Asentí, lo cual era engañoso porque podía hacerles creer que me importaba lo que les pudiese ocurrir a cualquiera de ellos. Asentí porque no quería tener problemas, y el hecho de que fueran convictos no impedía que me pudiesen causar algunos problemas. A los americanos no les hubiese importado en absoluto. A diferencia de la Junta de Libertad Condicional y Clemencia, la mayoría de los policías militares de Landsberg eran de la opinión que todos merecíamos ser ahorcados; y con toda probabilidad tenían razón.
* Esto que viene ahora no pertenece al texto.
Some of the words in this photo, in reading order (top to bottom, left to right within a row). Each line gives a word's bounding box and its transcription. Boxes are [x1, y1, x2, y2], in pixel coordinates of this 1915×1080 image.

Pero la auténtica razón por la que asentí fue que estaba cansado de no caerle bien a nadie, incluyéndome a mí mismo. Eso está bien cuando puedes ahogar tus sentimientos en unos cuantos litros de alcohol, pero los bares de las prisiones nunca abren, sobre todo cuando necesitas un trago tal como yo lo necesitaba en ese momento. La vida en la mayoría de las prisiones sería más llevadera con una ración diaria de licor, como en la Royal Navy. No es una teoría penal con la que Jeremy Bentham podría estar de acuerdo, pero es una verdad como un templo.
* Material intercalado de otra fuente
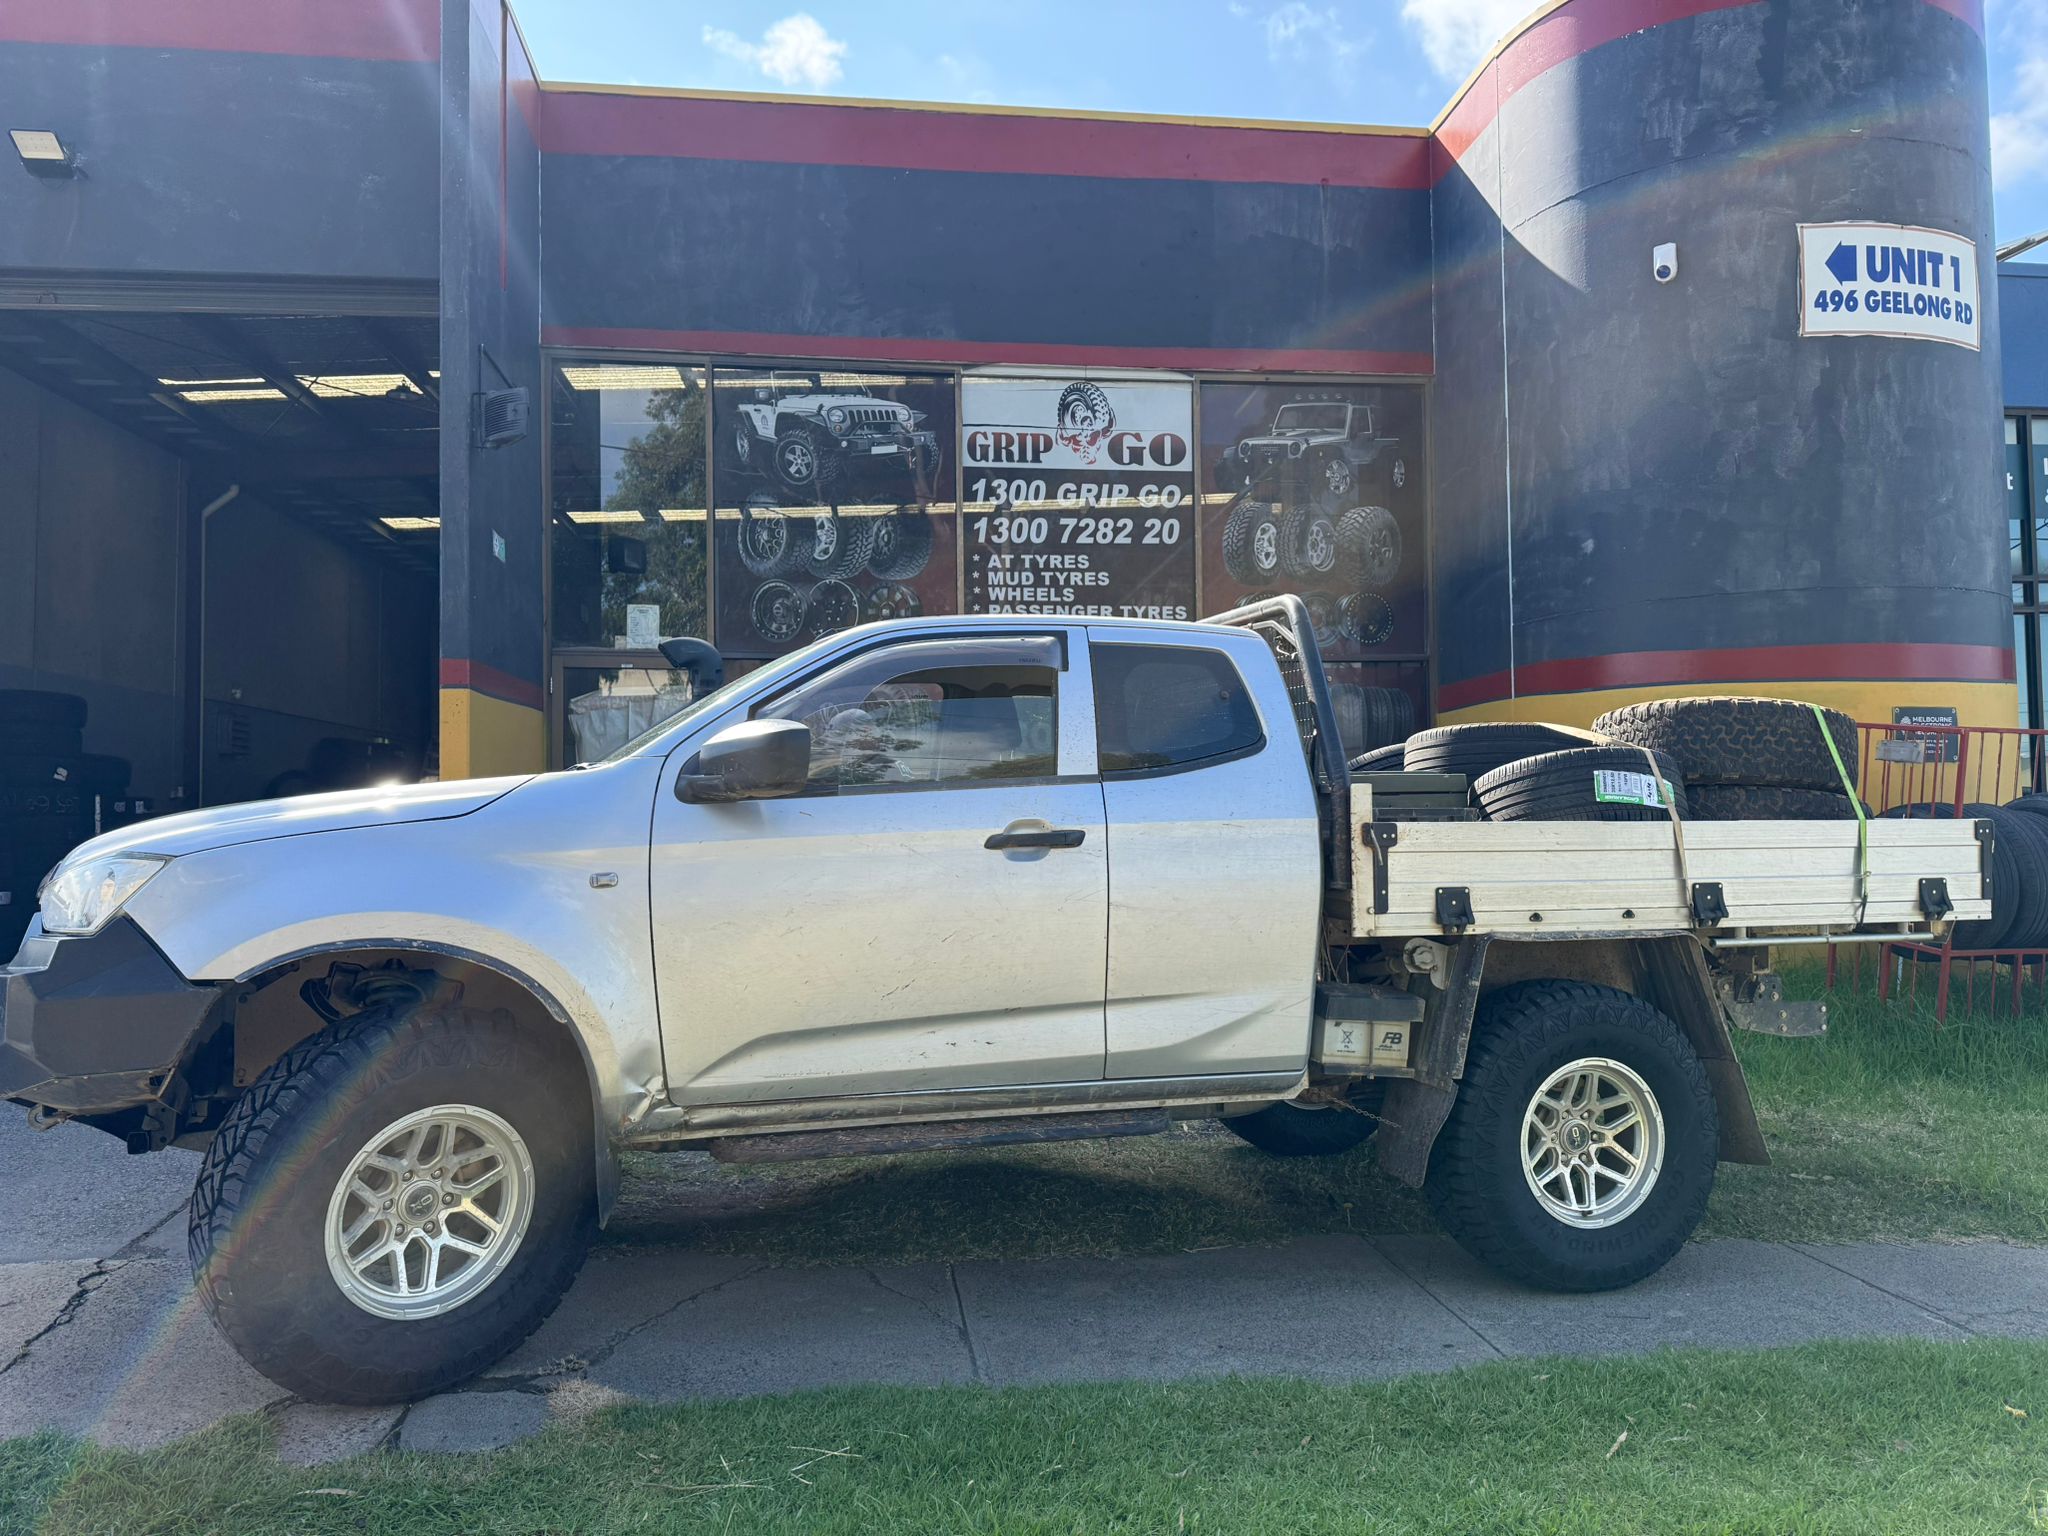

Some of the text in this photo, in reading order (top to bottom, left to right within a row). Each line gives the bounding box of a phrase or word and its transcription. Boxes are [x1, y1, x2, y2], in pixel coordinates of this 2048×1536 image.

[1865, 245, 1961, 293] UNIT 1
[1813, 289, 1973, 325] 496 GEELONG RD
[966, 431, 1187, 467] GRIP GO
[971, 478, 1182, 508] 1300 GRIP GO
[973, 516, 1180, 545] 1300 7282 20
[987, 554, 1090, 569] AT TYRES
[987, 571, 1110, 586] MUD TYRES
[988, 587, 1075, 602] WHEELS
[988, 604, 1188, 620] PASSENGER TYRES
[1382, 1032, 1403, 1045] FB
Me habría ido muy bien poder tomarme una copa por la noche, justo antes de irme a la cama. Quizá fuera por tener que revivir el verano de 1941 y hablar de ello, pero mientras estuve en Landsberg el sueño me daba poco respiro de las preocupaciones del mundo. A menudo me despertaba en la sombría penumbra de mi celda, bañado en sudor después de haber tenido una horrible pesadilla. La mayoría de veces se trataba del mismo sueño. La tierra se movía de una forma extraña bajo mis pies, pero no revuelta por un animal invisible, sino por alguna fuerza elemental subterránea y oscura. Mientras yo observaba con atención, veía la tierra negra moverse de nuevo, y la cabeza sin ojos y las manos como patas de araña de algún Lázaro asesinado surgían de entre sus propios gases corporales y aparecían en la misteriosa superficie. Delgada y blanca como una pipa de arcilla, esa criatura desnuda levantaba el trasero, el pecho y, por último, su cráneo, moviéndose hacia atrás y de forma antinatural, como una marioneta caída tratando de acomodar sus miembros, hasta que al final se quedaba arrodillada delante de una nube de humo que se deshacía repentinamente, succionada por el cañón de la pistola que yo sostenía con mano firme.